## [Prompt]
Excluding pictures, give the entries again exactly as they appear.
::::::
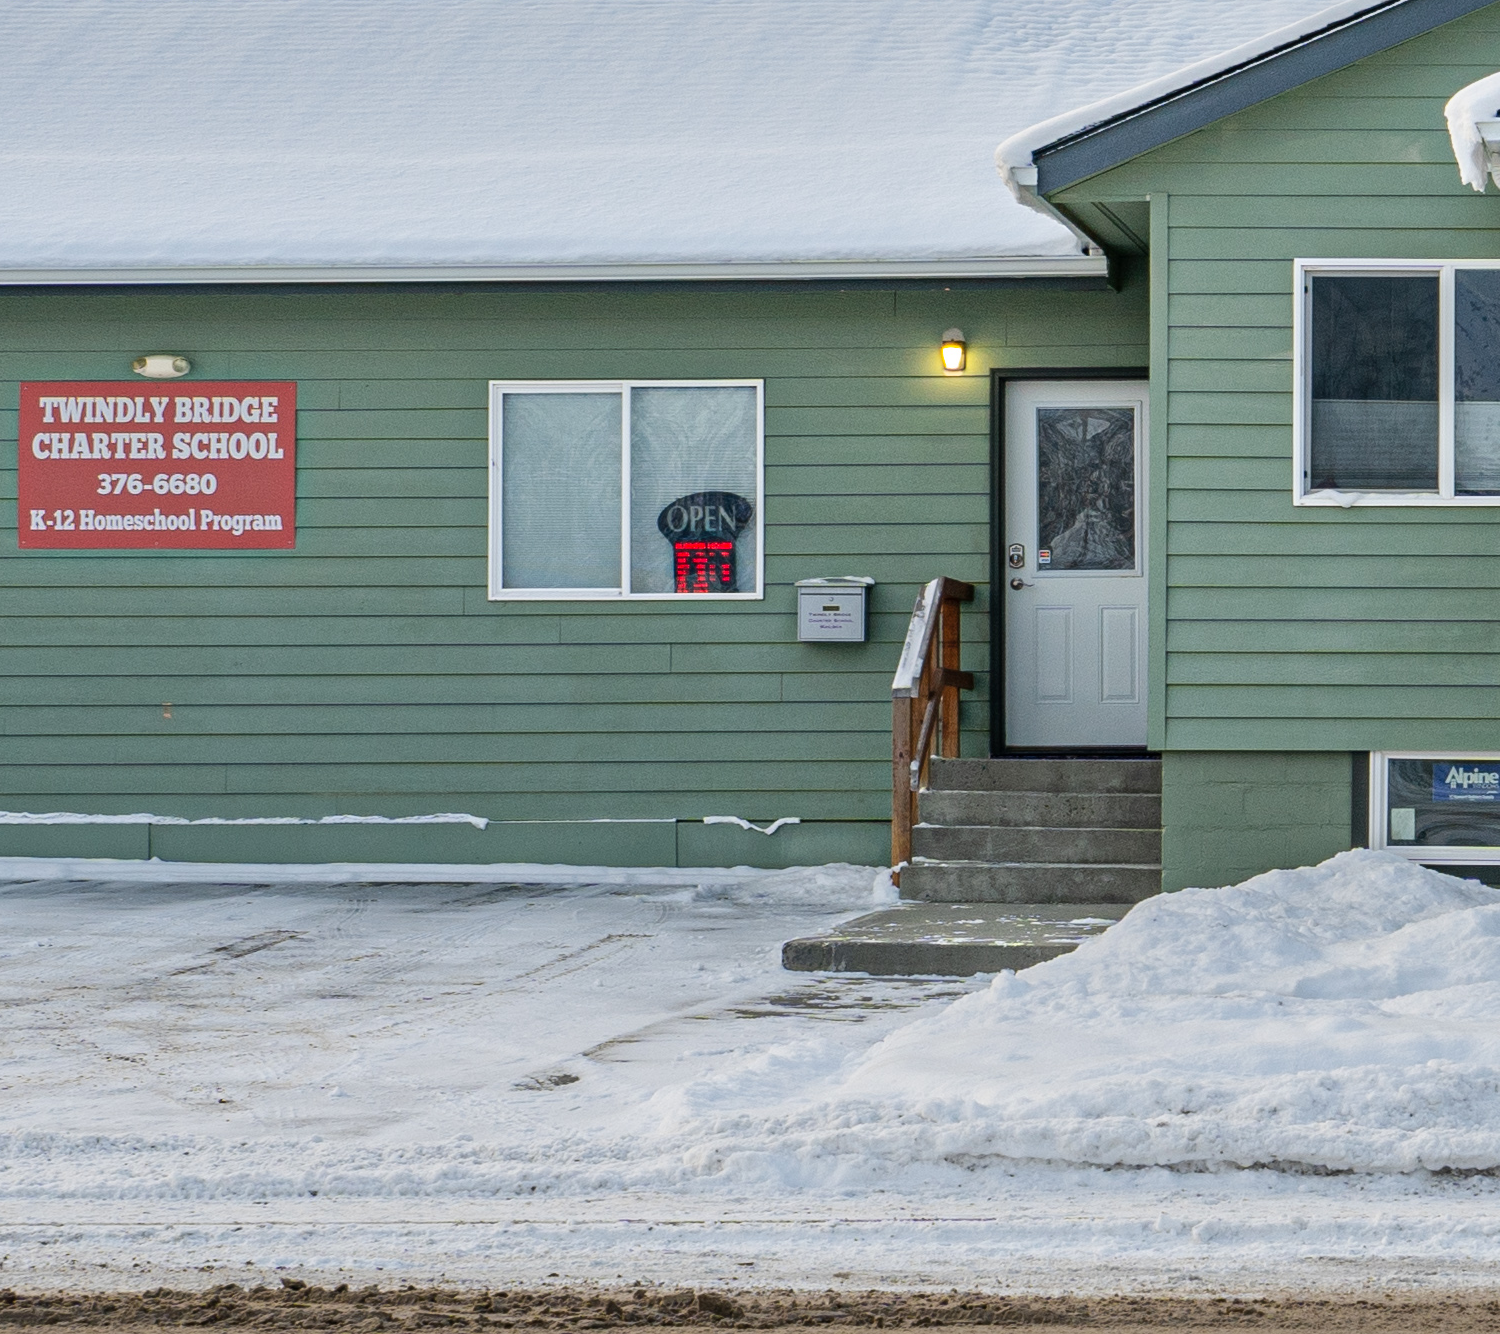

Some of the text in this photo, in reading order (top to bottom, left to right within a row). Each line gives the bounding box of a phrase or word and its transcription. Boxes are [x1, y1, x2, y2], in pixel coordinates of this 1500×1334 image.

[39, 396, 279, 423] TWINDLY BRIDGE
[32, 432, 284, 460] CHARTER SCHOOL
[96, 473, 218, 495] 376-6680
[30, 508, 283, 536] K-12 Homeschool Program
[666, 505, 736, 532] OPEN
[1445, 766, 1499, 789] Alpine
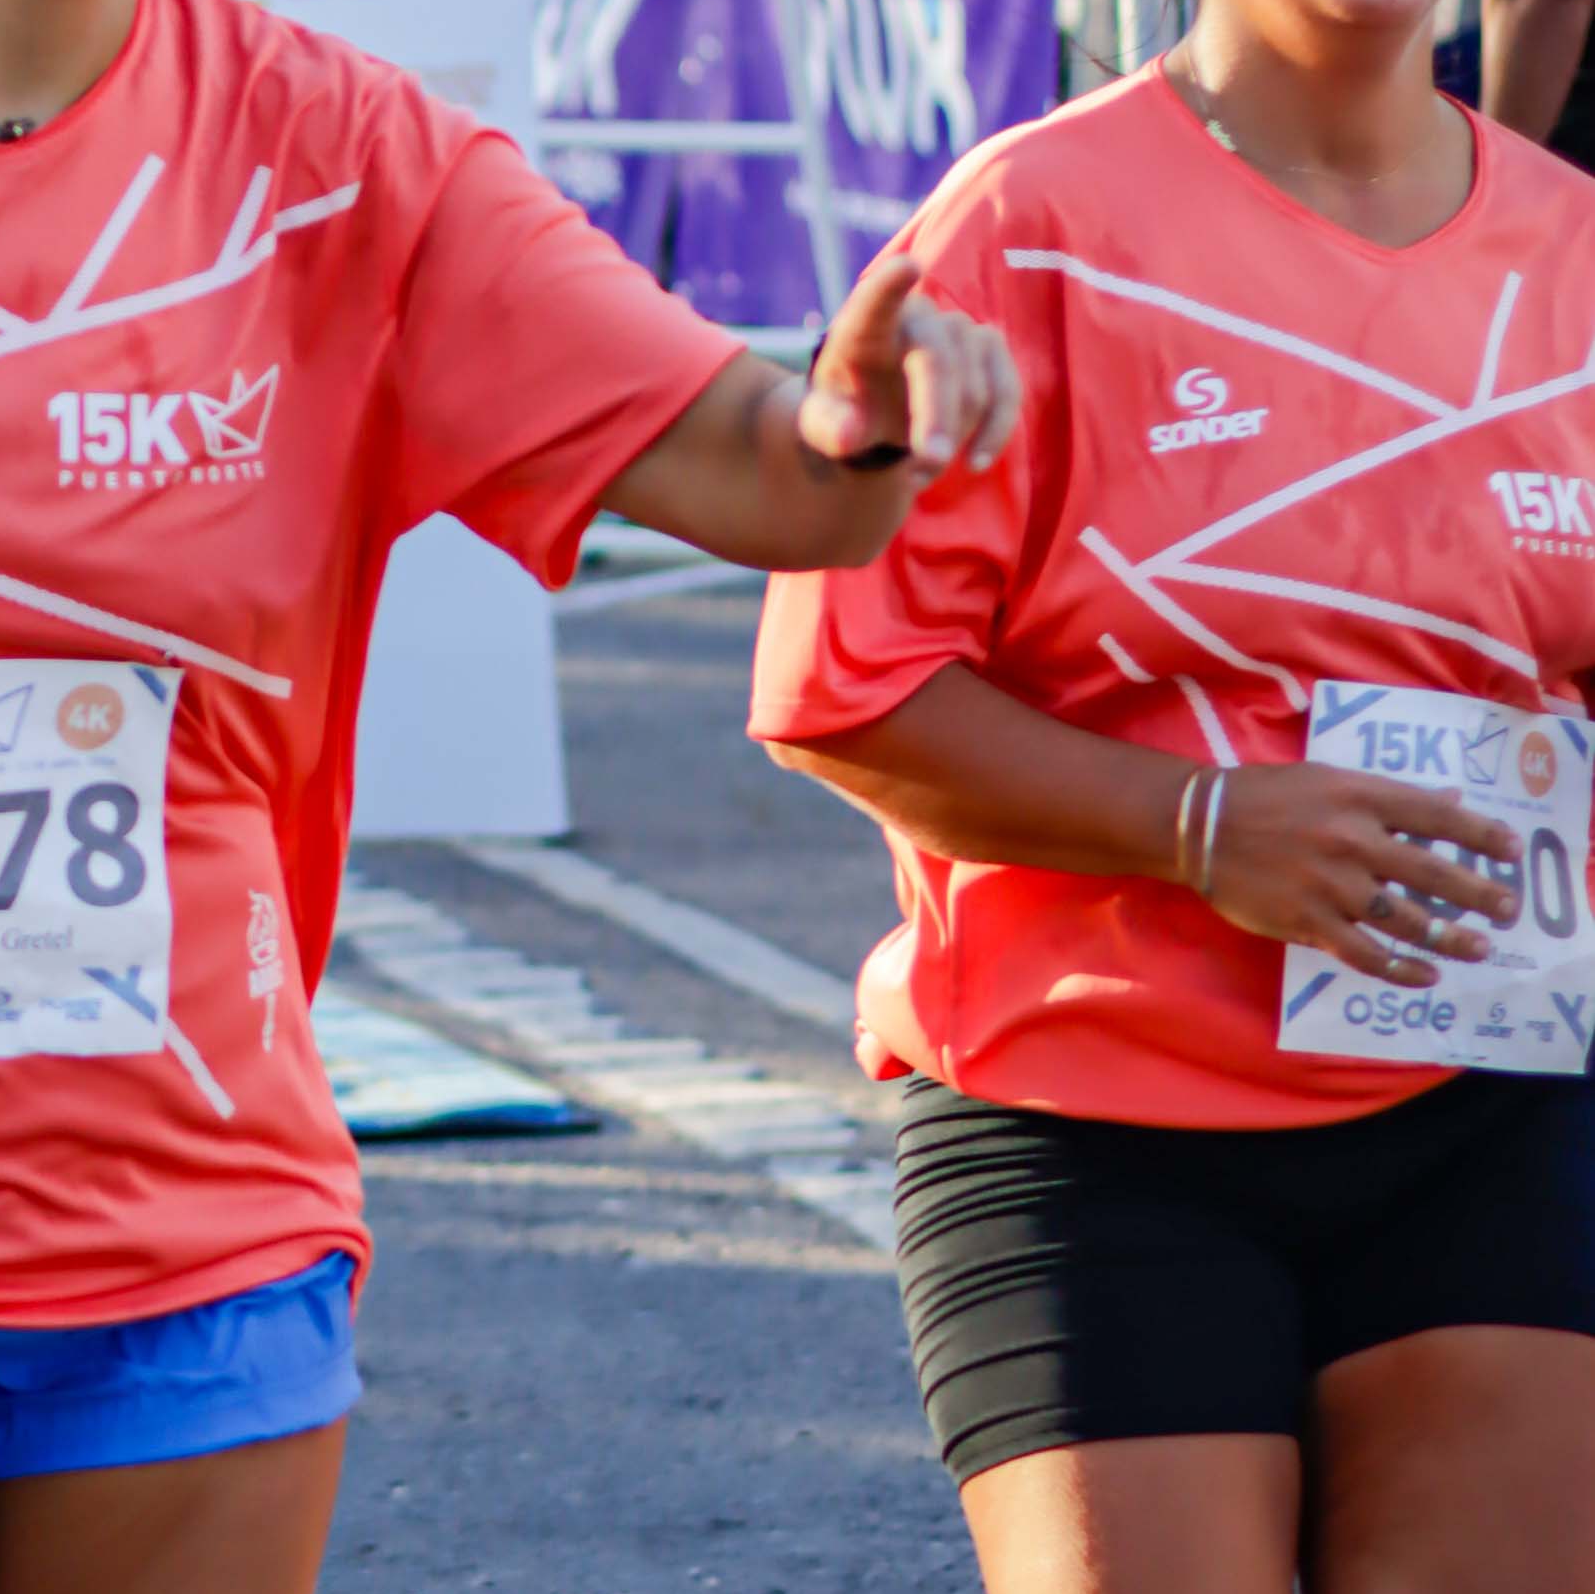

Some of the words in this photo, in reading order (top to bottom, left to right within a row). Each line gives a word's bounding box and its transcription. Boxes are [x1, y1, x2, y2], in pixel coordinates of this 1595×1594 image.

[47, 391, 189, 465] 15K
[1488, 471, 1593, 536] 15K
[66, 704, 112, 732] 4K
[1357, 720, 1449, 776] 15K
[0, 925, 75, 951] Gretel
[1343, 990, 1457, 1036] osde
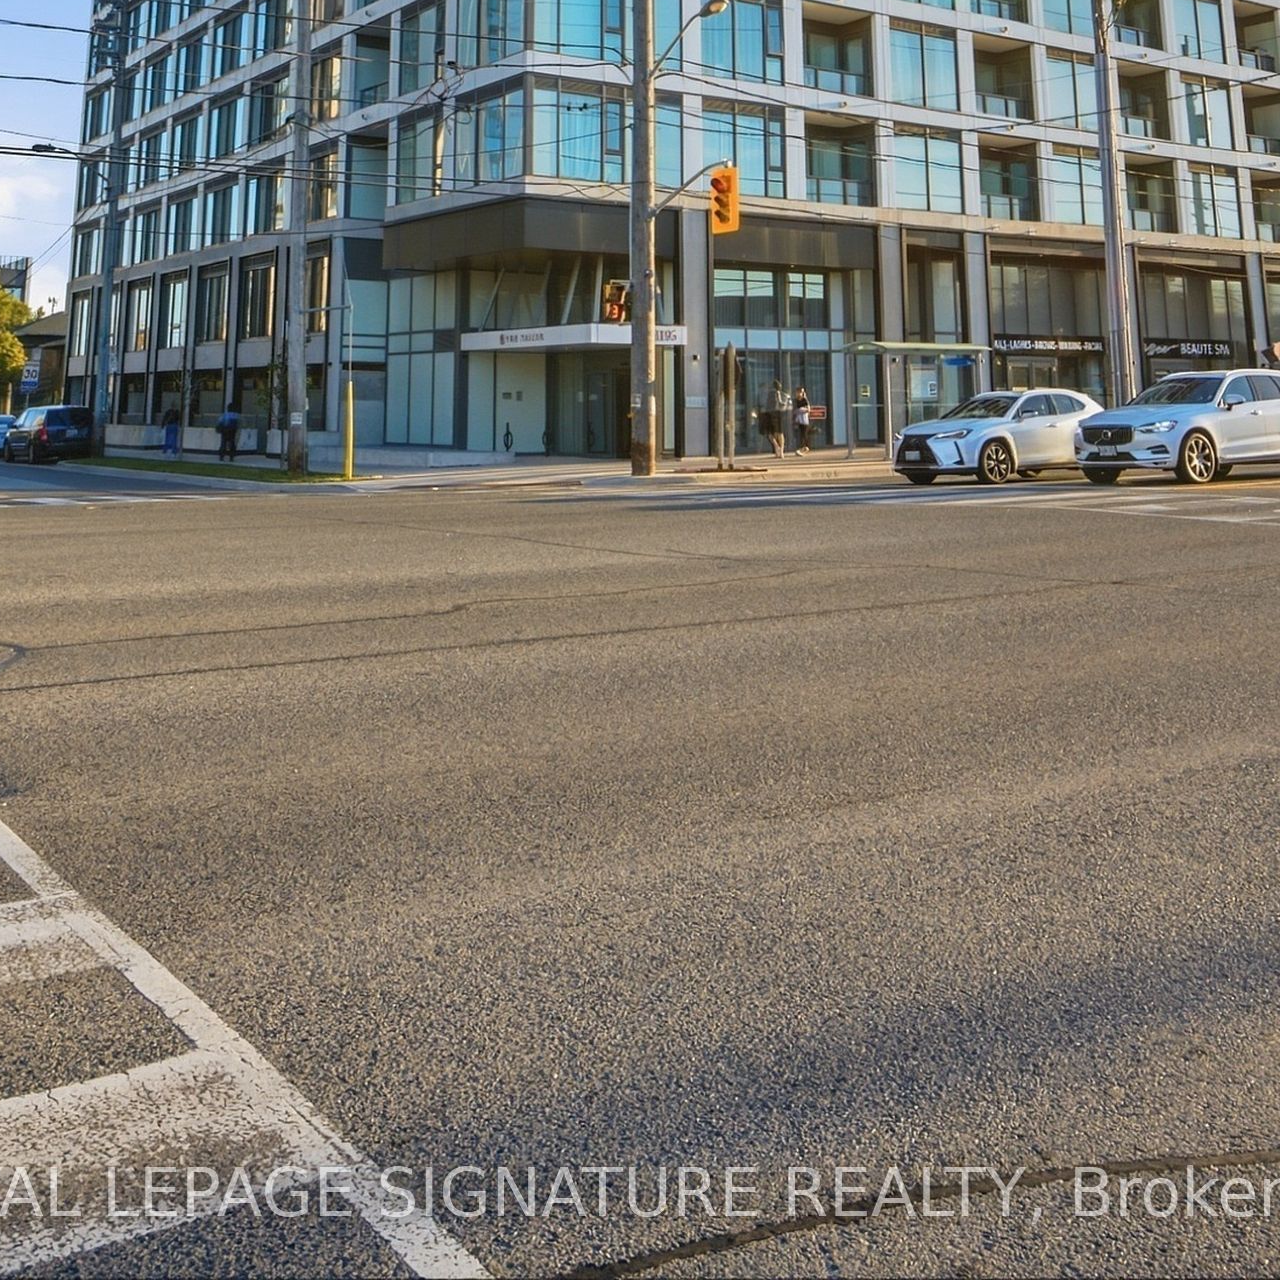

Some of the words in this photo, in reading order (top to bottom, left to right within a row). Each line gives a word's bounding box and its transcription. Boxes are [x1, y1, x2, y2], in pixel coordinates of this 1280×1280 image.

[1180, 343, 1214, 355] BEAUTE
[1214, 344, 1230, 355] SPA
[24, 369, 38, 379] 30
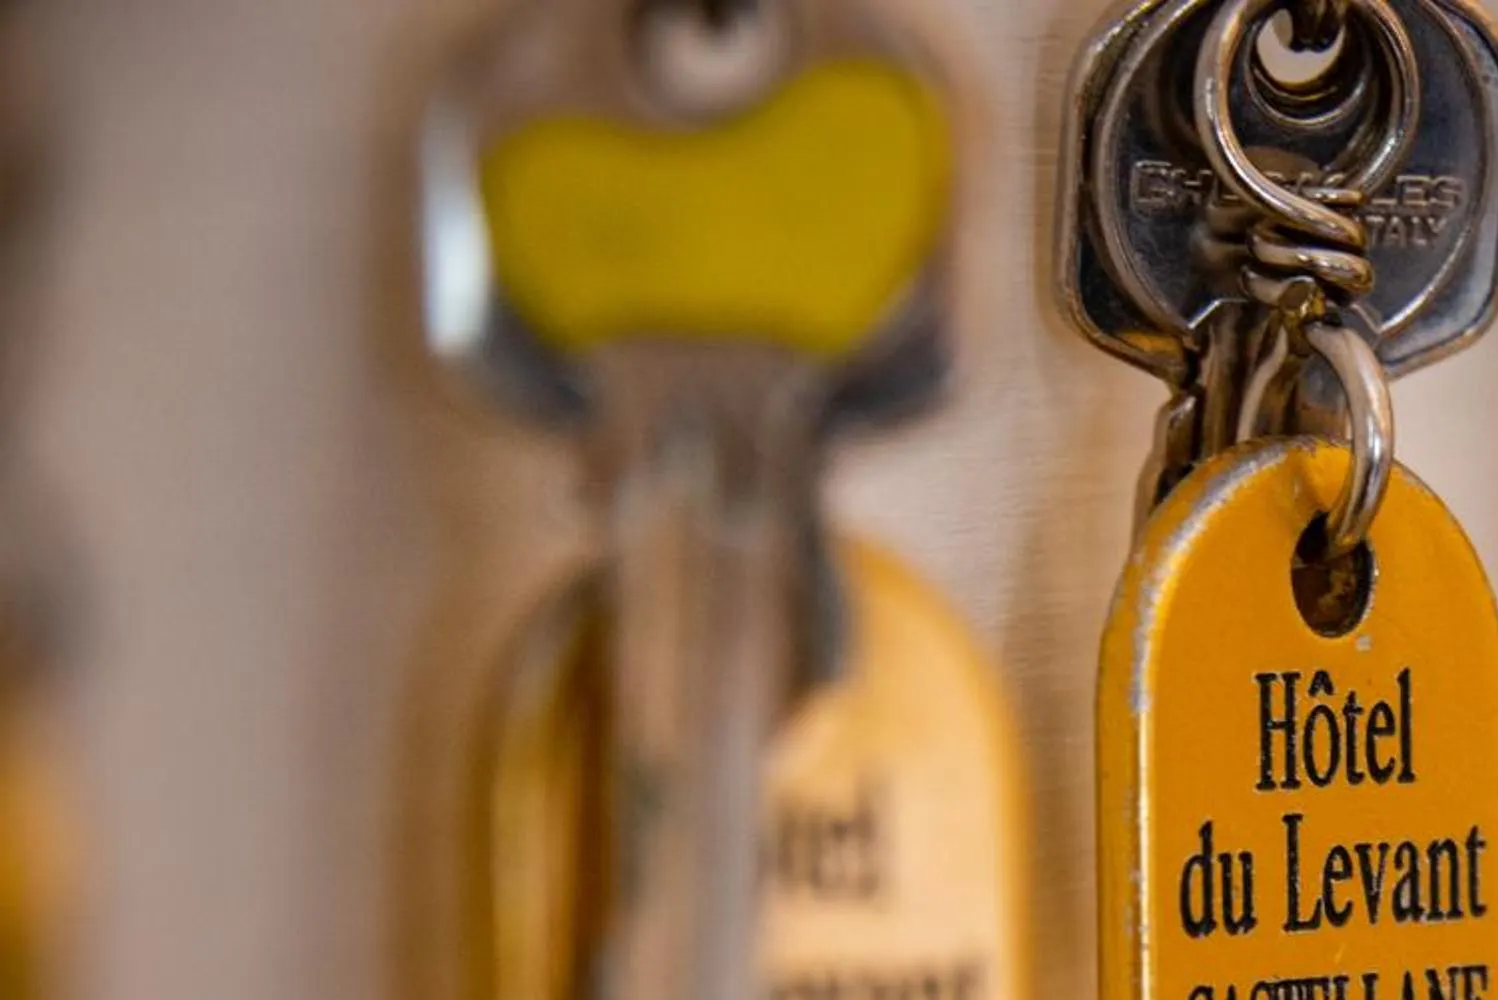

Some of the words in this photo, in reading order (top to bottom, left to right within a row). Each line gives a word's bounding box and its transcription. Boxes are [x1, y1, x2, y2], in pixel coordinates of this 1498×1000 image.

[1355, 214, 1450, 247] TALY
[1255, 667, 1417, 792] Hôtel
[1179, 820, 1258, 939] du
[1282, 813, 1488, 933] Levant
::::::
## [Answer to the exercise]
Some of the text in this photo, in reading order (top to bottom, left to right within a row). Each line gives the bounding box of a phrase or word and its transcription. Boxes are [x1, y1, x2, y2], in pixel coordinates of this 1500×1334 image.

[39, 396, 279, 423] TWINDLY BRIDGE
[32, 432, 284, 460] CHARTER SCHOOL
[96, 473, 218, 495] 376-6680
[30, 508, 283, 536] K-12 Homeschool Program
[666, 505, 736, 532] OPEN
[1445, 766, 1499, 789] Alpine

Some of the words in this photo, in reading order (top to bottom, left to right within a row). Each line gives a word's bounding box and its transcription. Boxes are [x1, y1, x2, y2], in pixel coordinates of this 1595×1594 image.

[47, 391, 189, 465] 15K
[1488, 471, 1593, 536] 15K
[66, 704, 112, 732] 4K
[1357, 720, 1449, 776] 15K
[0, 925, 75, 951] Gretel
[1343, 990, 1457, 1036] osde

Some of the words in this photo, in reading order (top to bottom, left to right within a row). Each line gives a word's bounding box and its transcription. Boxes are [x1, y1, x2, y2], in pixel coordinates of this 1280×1280 image.

[1180, 343, 1214, 355] BEAUTE
[1214, 344, 1230, 355] SPA
[24, 369, 38, 379] 30

Some of the words in this photo, in reading order (top to bottom, left to right within a row). Each line gives a word's bounding box and its transcription. Boxes are [x1, y1, x2, y2], in pixel coordinates of this 1498×1000 image.

[1355, 214, 1450, 247] TALY
[1255, 667, 1417, 792] Hôtel
[1179, 820, 1258, 939] du
[1282, 813, 1488, 933] Levant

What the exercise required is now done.